DIRECTIONS
All the records below must be returned exactly as they stand.

GIVEN ENTRIES
BEGIN

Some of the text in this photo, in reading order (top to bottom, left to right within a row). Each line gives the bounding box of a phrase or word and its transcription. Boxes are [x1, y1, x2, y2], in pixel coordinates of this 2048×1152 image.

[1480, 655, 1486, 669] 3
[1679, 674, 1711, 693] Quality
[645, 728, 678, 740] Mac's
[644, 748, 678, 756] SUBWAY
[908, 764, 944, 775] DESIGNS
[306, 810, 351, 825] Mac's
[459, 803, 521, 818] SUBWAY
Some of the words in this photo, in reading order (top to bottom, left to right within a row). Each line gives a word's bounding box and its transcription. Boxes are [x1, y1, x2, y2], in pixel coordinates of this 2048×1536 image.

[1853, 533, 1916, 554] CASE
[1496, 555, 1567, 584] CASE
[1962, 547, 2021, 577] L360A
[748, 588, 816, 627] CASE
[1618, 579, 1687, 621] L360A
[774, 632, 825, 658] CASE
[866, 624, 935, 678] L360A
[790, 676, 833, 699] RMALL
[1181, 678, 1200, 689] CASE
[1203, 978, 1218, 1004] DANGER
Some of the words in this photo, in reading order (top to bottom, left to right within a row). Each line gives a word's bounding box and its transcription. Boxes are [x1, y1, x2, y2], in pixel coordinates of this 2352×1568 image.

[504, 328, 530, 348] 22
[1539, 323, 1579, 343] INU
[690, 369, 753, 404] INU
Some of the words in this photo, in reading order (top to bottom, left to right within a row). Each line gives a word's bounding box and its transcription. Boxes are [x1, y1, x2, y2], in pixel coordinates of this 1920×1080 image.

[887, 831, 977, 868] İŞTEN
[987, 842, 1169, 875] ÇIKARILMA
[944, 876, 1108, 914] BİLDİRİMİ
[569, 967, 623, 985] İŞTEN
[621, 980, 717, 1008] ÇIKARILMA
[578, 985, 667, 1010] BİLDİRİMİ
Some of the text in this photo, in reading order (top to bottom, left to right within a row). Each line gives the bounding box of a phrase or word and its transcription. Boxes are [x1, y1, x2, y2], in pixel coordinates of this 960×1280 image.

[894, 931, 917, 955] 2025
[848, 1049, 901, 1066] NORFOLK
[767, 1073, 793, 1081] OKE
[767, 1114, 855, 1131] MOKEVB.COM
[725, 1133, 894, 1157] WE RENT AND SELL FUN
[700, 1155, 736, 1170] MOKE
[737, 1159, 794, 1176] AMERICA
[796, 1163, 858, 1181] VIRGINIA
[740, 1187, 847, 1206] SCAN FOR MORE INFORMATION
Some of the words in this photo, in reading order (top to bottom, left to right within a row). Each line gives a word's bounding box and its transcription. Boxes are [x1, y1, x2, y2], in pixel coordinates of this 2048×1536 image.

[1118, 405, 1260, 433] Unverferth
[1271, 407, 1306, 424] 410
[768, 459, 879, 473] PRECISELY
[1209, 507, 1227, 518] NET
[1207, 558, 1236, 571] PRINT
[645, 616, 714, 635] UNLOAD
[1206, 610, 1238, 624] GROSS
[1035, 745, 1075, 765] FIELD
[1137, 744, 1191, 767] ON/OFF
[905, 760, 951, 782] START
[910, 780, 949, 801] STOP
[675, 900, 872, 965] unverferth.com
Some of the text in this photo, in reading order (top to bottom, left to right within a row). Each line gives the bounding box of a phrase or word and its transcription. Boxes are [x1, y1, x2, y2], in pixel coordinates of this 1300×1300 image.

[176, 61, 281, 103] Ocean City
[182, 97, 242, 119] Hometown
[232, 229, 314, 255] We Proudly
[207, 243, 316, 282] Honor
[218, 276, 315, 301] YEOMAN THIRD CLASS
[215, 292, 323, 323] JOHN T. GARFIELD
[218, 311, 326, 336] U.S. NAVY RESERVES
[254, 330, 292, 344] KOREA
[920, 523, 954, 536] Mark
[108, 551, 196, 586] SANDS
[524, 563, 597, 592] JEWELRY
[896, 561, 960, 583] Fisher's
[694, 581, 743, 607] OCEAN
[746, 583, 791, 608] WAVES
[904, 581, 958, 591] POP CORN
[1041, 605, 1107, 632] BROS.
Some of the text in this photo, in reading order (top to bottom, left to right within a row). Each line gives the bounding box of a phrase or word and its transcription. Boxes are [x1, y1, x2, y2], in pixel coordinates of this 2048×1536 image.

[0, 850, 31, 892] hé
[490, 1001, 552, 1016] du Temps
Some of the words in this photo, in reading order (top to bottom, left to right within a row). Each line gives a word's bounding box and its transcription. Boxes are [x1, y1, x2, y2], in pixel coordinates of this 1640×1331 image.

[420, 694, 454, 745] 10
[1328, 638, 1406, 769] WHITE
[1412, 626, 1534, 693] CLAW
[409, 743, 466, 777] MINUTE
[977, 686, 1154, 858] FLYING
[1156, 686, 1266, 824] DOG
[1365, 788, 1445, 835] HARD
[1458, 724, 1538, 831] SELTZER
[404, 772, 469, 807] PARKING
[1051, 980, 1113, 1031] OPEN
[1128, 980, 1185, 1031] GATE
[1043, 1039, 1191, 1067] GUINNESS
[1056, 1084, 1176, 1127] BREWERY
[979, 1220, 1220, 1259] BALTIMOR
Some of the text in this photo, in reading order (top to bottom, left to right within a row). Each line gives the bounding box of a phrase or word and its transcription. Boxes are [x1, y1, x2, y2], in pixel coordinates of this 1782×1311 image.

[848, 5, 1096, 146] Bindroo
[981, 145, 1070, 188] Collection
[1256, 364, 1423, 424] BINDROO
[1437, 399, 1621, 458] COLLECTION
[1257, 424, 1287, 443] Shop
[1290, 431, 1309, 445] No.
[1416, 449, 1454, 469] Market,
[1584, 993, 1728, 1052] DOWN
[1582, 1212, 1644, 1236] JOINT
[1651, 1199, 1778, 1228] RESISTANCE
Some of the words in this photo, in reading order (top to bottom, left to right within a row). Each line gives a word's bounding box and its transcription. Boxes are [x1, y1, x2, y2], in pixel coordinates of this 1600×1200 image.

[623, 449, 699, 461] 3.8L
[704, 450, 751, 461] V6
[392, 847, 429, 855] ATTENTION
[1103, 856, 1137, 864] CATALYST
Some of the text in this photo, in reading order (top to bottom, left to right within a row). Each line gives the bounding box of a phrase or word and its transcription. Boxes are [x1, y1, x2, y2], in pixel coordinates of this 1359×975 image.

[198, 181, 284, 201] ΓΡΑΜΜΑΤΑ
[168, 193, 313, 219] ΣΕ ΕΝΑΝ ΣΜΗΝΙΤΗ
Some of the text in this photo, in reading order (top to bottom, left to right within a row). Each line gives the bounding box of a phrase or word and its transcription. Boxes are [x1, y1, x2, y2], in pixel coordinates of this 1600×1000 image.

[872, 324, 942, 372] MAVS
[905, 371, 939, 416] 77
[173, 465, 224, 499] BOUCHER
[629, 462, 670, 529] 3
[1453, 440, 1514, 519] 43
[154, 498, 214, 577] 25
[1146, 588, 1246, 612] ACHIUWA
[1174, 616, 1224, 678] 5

END

RESPONSE TO THE EXERCISE
Some of the text in this photo, in reading order (top to bottom, left to right within a row). Each line gives the bounding box of a phrase or word and its transcription. Boxes are [x1, y1, x2, y2], in pixel coordinates of this 2048×1152 image.

[1480, 655, 1486, 669] 3
[1679, 674, 1711, 693] Quality
[645, 728, 678, 740] Mac's
[644, 748, 678, 756] SUBWAY
[908, 764, 944, 775] DESIGNS
[306, 810, 351, 825] Mac's
[459, 803, 521, 818] SUBWAY
Some of the words in this photo, in reading order (top to bottom, left to right within a row). Each line gives a word's bounding box and its transcription. Boxes are [x1, y1, x2, y2], in pixel coordinates of this 2048×1536 image.

[1853, 533, 1916, 554] CASE
[1496, 555, 1567, 584] CASE
[1962, 547, 2021, 577] L360A
[748, 588, 816, 627] CASE
[1618, 579, 1687, 621] L360A
[774, 632, 825, 658] CASE
[866, 624, 935, 678] L360A
[790, 676, 833, 699] RMALL
[1181, 678, 1200, 689] CASE
[1203, 978, 1218, 1004] DANGER
Some of the words in this photo, in reading order (top to bottom, left to right within a row). Each line gives a word's bounding box and its transcription. Boxes are [x1, y1, x2, y2], in pixel coordinates of this 2352×1568 image.

[504, 328, 530, 348] 22
[1539, 323, 1579, 343] INU
[690, 369, 753, 404] INU
Some of the words in this photo, in reading order (top to bottom, left to right within a row). Each line gives a word's bounding box and its transcription. Boxes are [x1, y1, x2, y2], in pixel coordinates of this 1920×1080 image.

[887, 831, 977, 868] İŞTEN
[987, 842, 1169, 875] ÇIKARILMA
[944, 876, 1108, 914] BİLDİRİMİ
[569, 967, 623, 985] İŞTEN
[621, 980, 717, 1008] ÇIKARILMA
[578, 985, 667, 1010] BİLDİRİMİ
Some of the text in this photo, in reading order (top to bottom, left to right within a row). Each line gives the bounding box of a phrase or word and its transcription. Boxes are [x1, y1, x2, y2], in pixel coordinates of this 960×1280 image.

[894, 931, 917, 955] 2025
[848, 1049, 901, 1066] NORFOLK
[767, 1073, 793, 1081] OKE
[767, 1114, 855, 1131] MOKEVB.COM
[725, 1133, 894, 1157] WE RENT AND SELL FUN
[700, 1155, 736, 1170] MOKE
[737, 1159, 794, 1176] AMERICA
[796, 1163, 858, 1181] VIRGINIA
[740, 1187, 847, 1206] SCAN FOR MORE INFORMATION
Some of the words in this photo, in reading order (top to bottom, left to right within a row). Each line gives a word's bounding box and its transcription. Boxes are [x1, y1, x2, y2], in pixel coordinates of this 2048×1536 image.

[1118, 405, 1260, 433] Unverferth
[1271, 407, 1306, 424] 410
[768, 459, 879, 473] PRECISELY
[1209, 507, 1227, 518] NET
[1207, 558, 1236, 571] PRINT
[645, 616, 714, 635] UNLOAD
[1206, 610, 1238, 624] GROSS
[1035, 745, 1075, 765] FIELD
[1137, 744, 1191, 767] ON/OFF
[905, 760, 951, 782] START
[910, 780, 949, 801] STOP
[675, 900, 872, 965] unverferth.com
Some of the text in this photo, in reading order (top to bottom, left to right within a row). Each line gives the bounding box of a phrase or word and its transcription. Boxes are [x1, y1, x2, y2], in pixel coordinates of this 1300×1300 image.

[176, 61, 281, 103] Ocean City
[182, 97, 242, 119] Hometown
[232, 229, 314, 255] We Proudly
[207, 243, 316, 282] Honor
[218, 276, 315, 301] YEOMAN THIRD CLASS
[215, 292, 323, 323] JOHN T. GARFIELD
[218, 311, 326, 336] U.S. NAVY RESERVES
[254, 330, 292, 344] KOREA
[920, 523, 954, 536] Mark
[108, 551, 196, 586] SANDS
[524, 563, 597, 592] JEWELRY
[896, 561, 960, 583] Fisher's
[694, 581, 743, 607] OCEAN
[746, 583, 791, 608] WAVES
[904, 581, 958, 591] POP CORN
[1041, 605, 1107, 632] BROS.
Some of the text in this photo, in reading order (top to bottom, left to right within a row). Each line gives the bounding box of a phrase or word and its transcription. Boxes are [x1, y1, x2, y2], in pixel coordinates of this 2048×1536 image.

[0, 850, 31, 892] hé
[490, 1001, 552, 1016] du Temps
Some of the words in this photo, in reading order (top to bottom, left to right within a row). Each line gives a word's bounding box and its transcription. Boxes are [x1, y1, x2, y2], in pixel coordinates of this 1640×1331 image.

[420, 694, 454, 745] 10
[1328, 638, 1406, 769] WHITE
[1412, 626, 1534, 693] CLAW
[409, 743, 466, 777] MINUTE
[977, 686, 1154, 858] FLYING
[1156, 686, 1266, 824] DOG
[1365, 788, 1445, 835] HARD
[1458, 724, 1538, 831] SELTZER
[404, 772, 469, 807] PARKING
[1051, 980, 1113, 1031] OPEN
[1128, 980, 1185, 1031] GATE
[1043, 1039, 1191, 1067] GUINNESS
[1056, 1084, 1176, 1127] BREWERY
[979, 1220, 1220, 1259] BALTIMOR
Some of the text in this photo, in reading order (top to bottom, left to right within a row). Each line gives the bounding box of a phrase or word and its transcription. Boxes are [x1, y1, x2, y2], in pixel coordinates of this 1782×1311 image.

[848, 5, 1096, 146] Bindroo
[981, 145, 1070, 188] Collection
[1256, 364, 1423, 424] BINDROO
[1437, 399, 1621, 458] COLLECTION
[1257, 424, 1287, 443] Shop
[1290, 431, 1309, 445] No.
[1416, 449, 1454, 469] Market,
[1584, 993, 1728, 1052] DOWN
[1582, 1212, 1644, 1236] JOINT
[1651, 1199, 1778, 1228] RESISTANCE
Some of the words in this photo, in reading order (top to bottom, left to right within a row). Each line gives a word's bounding box and its transcription. Boxes are [x1, y1, x2, y2], in pixel coordinates of this 1600×1200 image.

[623, 449, 699, 461] 3.8L
[704, 450, 751, 461] V6
[392, 847, 429, 855] ATTENTION
[1103, 856, 1137, 864] CATALYST
Some of the text in this photo, in reading order (top to bottom, left to right within a row). Each line gives the bounding box of a phrase or word and its transcription. Boxes are [x1, y1, x2, y2], in pixel coordinates of this 1359×975 image.

[198, 181, 284, 201] ΓΡΑΜΜΑΤΑ
[168, 193, 313, 219] ΣΕ ΕΝΑΝ ΣΜΗΝΙΤΗ
Some of the text in this photo, in reading order (top to bottom, left to right within a row). Each line gives the bounding box of a phrase or word and its transcription. Boxes are [x1, y1, x2, y2], in pixel coordinates of this 1600×1000 image.

[872, 324, 942, 372] MAVS
[905, 371, 939, 416] 77
[173, 465, 224, 499] BOUCHER
[629, 462, 670, 529] 3
[1453, 440, 1514, 519] 43
[154, 498, 214, 577] 25
[1146, 588, 1246, 612] ACHIUWA
[1174, 616, 1224, 678] 5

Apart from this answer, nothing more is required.